Instructions to follow: All lines after the one containing "this 1500×1125 image." are needed, along with that line itself. Please repeat them exactly through the end of the entries.

Input data:

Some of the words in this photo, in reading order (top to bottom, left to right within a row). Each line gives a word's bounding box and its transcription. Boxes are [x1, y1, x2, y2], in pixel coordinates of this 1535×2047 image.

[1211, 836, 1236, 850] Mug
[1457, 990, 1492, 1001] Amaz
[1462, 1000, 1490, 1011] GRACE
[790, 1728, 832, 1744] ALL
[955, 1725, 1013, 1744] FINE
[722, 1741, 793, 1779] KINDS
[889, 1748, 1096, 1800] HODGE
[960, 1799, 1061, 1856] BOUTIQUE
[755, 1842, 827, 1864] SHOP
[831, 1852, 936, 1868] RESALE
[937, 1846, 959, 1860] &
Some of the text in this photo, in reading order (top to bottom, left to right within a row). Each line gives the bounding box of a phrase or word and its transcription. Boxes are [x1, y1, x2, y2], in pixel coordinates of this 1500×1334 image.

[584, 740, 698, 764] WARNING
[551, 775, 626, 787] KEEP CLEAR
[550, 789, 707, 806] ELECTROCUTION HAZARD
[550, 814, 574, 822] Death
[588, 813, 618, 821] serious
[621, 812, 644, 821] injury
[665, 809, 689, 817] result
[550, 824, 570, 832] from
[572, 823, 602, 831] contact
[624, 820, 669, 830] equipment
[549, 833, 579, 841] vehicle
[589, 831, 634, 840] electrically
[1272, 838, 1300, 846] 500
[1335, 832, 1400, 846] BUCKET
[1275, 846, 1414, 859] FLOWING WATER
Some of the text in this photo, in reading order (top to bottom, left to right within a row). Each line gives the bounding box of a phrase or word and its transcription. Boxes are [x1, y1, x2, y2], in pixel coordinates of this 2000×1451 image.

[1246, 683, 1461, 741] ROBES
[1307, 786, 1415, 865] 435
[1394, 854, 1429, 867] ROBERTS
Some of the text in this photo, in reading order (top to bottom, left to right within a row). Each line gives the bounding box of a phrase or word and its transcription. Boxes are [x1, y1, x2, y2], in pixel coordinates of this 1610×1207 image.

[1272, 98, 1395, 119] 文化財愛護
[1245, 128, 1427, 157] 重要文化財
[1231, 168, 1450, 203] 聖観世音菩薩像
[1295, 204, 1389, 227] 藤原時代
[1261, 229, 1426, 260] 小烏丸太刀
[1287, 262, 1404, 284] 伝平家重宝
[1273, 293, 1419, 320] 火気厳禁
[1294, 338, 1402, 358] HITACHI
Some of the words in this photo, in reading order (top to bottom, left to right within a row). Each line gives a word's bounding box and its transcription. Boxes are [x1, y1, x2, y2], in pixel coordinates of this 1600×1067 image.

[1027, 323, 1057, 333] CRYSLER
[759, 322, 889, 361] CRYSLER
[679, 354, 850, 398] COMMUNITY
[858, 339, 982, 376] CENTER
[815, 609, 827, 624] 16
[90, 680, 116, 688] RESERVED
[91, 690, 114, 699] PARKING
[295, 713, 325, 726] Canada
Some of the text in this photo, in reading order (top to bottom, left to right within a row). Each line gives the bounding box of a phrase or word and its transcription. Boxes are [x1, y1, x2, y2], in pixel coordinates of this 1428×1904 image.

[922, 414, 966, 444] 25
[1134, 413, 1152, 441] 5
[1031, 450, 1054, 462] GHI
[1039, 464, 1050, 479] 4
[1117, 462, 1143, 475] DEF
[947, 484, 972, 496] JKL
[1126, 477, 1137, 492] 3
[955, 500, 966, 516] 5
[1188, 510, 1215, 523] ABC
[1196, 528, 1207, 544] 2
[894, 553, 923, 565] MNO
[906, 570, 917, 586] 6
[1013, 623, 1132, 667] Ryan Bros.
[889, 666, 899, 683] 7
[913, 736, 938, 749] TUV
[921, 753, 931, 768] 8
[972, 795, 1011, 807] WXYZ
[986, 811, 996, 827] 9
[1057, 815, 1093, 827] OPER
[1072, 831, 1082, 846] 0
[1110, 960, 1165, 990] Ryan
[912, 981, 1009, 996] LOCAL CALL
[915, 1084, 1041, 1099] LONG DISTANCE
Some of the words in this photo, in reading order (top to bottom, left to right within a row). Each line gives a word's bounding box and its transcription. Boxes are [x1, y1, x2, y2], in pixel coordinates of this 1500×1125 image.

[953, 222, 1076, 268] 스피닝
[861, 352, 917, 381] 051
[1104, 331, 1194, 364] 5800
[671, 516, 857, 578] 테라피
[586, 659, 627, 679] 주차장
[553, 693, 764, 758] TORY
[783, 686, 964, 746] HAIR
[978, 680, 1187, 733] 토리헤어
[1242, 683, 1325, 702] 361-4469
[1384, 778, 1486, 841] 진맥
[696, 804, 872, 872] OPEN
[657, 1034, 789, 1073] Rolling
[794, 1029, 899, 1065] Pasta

Output:
Some of the words in this photo, in reading order (top to bottom, left to right within a row). Each line gives a word's bounding box and its transcription. Boxes are [x1, y1, x2, y2], in pixel coordinates of this 1500×1125 image.

[953, 222, 1076, 268] 스피닝
[861, 352, 917, 381] 051
[1104, 331, 1194, 364] 5800
[671, 516, 857, 578] 테라피
[586, 659, 627, 679] 주차장
[553, 693, 764, 758] TORY
[783, 686, 964, 746] HAIR
[978, 680, 1187, 733] 토리헤어
[1242, 683, 1325, 702] 361-4469
[1384, 778, 1486, 841] 진맥
[696, 804, 872, 872] OPEN
[657, 1034, 789, 1073] Rolling
[794, 1029, 899, 1065] Pasta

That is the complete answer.